I realized then that this is how the key you give to limit_req_zone is a grouping key. When you give it an IP address you are saying each IP address gets its own quota. I'm fairly certain that's also why you declare a shared memory size (eg 10m). Each unique key fits into that shared memory and stale ones fall off when more memory is needed for fresh requests.

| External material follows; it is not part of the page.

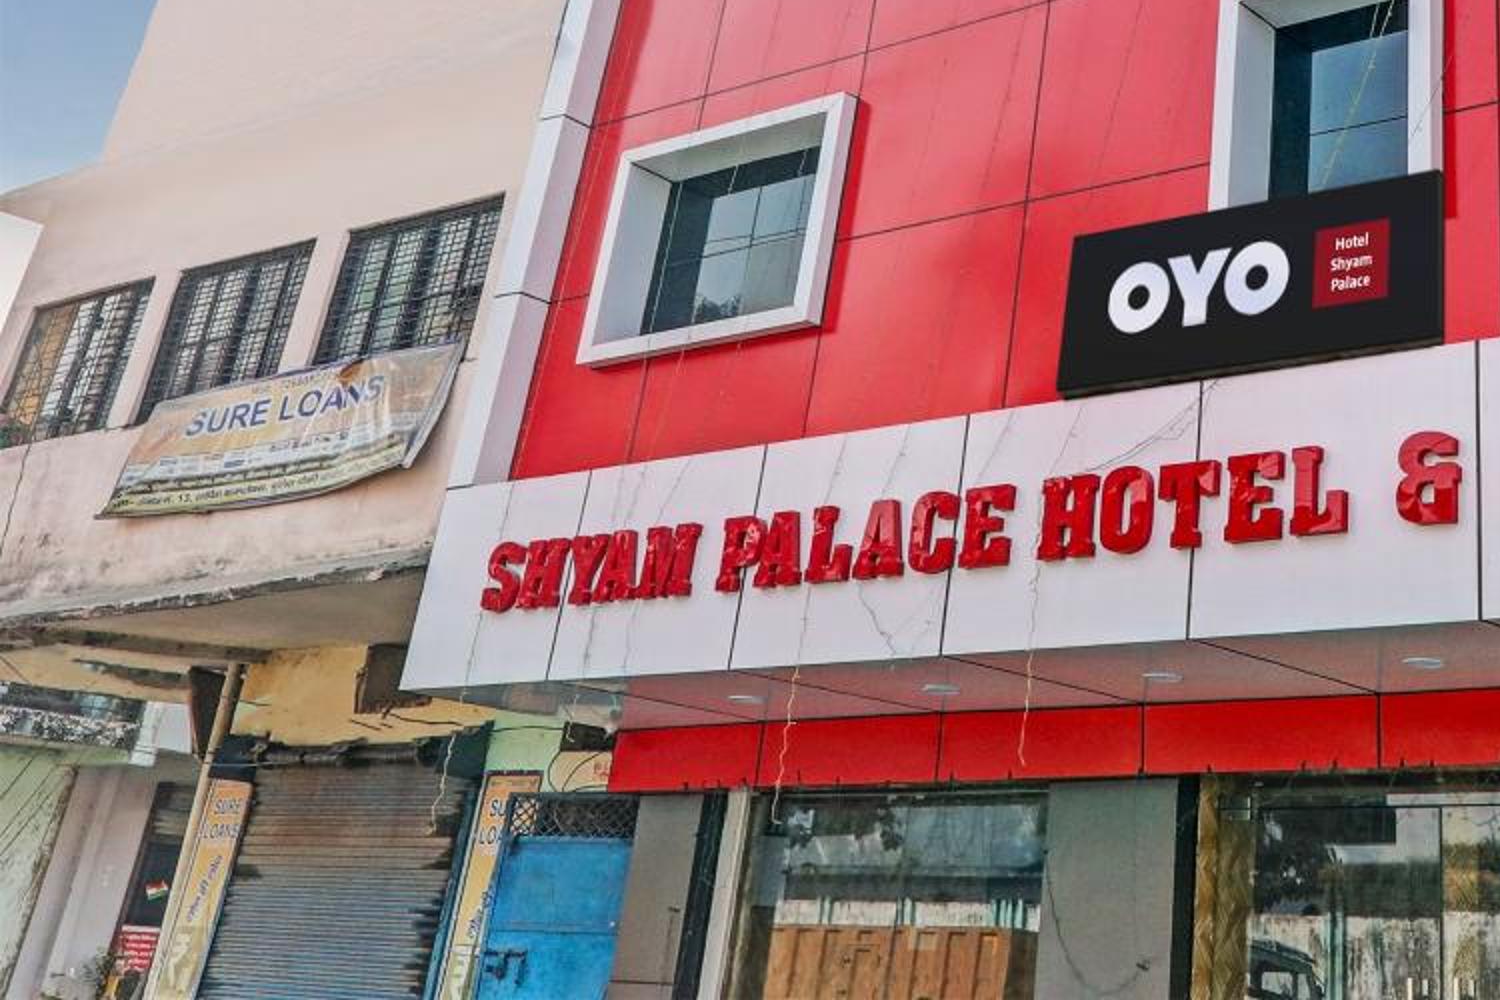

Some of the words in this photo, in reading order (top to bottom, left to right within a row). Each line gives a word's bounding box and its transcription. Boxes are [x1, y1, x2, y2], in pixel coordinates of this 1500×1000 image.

So what if we did two zones? One zone is the default zone and applies to everything that's not a known bot. In that one the keys we plug in are the remote IP addresses. So each address has its own quota. But then the other zone is for bots. Where each bot has a unique name and that name is the key. Not an IP address. Here's how I did it. First part goes up top:

# User agent strings get pretty long
map_hash_bucket_size 256;

Define our rate-limiting zones for use later

Each one of these bots (including networks) gets one shared zone with its own limited rate

map $http_user_agent $bot_name { default ''; '~Amazonbot' 'Amazonbot'; '~YandexBot' 'YandexBot'; '~ClaudeBot' 'ClaudeBot'; '~DataForSeoBot' 'DataForSeoBot'; '~DotBot' 'DotBot'; '~GPTBot' 'GPTBot'; '~*MJ12bot' 'MJ12bot'; 'Mozilla/5.0 (Windows NT 10.0; Win64; x64) AppleWebKit/537.36 (KHTML, like Gecko) Chrome/114.0.0.0 Safari/537.36 Edg/114.0.1823.43' 'Unknown1'; 'Mozilla/5.0 (Windows NT 9.0; Win64; x64) AppleWebKit/537.36 (KHTML, like Gecko) Chrome/114.0.0.0 Safari/537.36 Edg/114.0.1823.43' 'Unknown2'; } limit_req_zone $bot_name zone=named_bot_zone:30m rate=6r/m;

Everything not a bot is in the default zone

map $bot_name $default_zone_key { default ''; '' $binary_remote_addr; } limit_req_zone $default_zone_key zone=default_zone:30m rate=5r/s;

And then down in the specific server block I have:

server {
    server_name  some_domain_name.com;
    ...
limit_req zone=default_zone burst=50 nodelay;
limit_req zone=named_bot_zone burst=10 nodelay;
limit_req_status 429;  # Too many requests

...

}

This does generally appear to work as I'm expecting it to. I'm watching as a few bots are nibbling away. But I do notice that the bigger bot-nets do seem to get in a few more requests per minute than others do. For example Amazonbot is presently getting up to 9 per minute. It should only be getting 6 per minute. There may be other factors I'm overlooking though. But this is definitely better than the much higher number I was seeing earlier when it was per IP address. Perhaps the burst rate accounts for it.

I'm keeping my original answer too. Mainly because it's also valid. And it's a different approach. I think some people might still prefer to allow each bot machine to have its request quota/limit while others might prefer this whole-bot-network quota approach.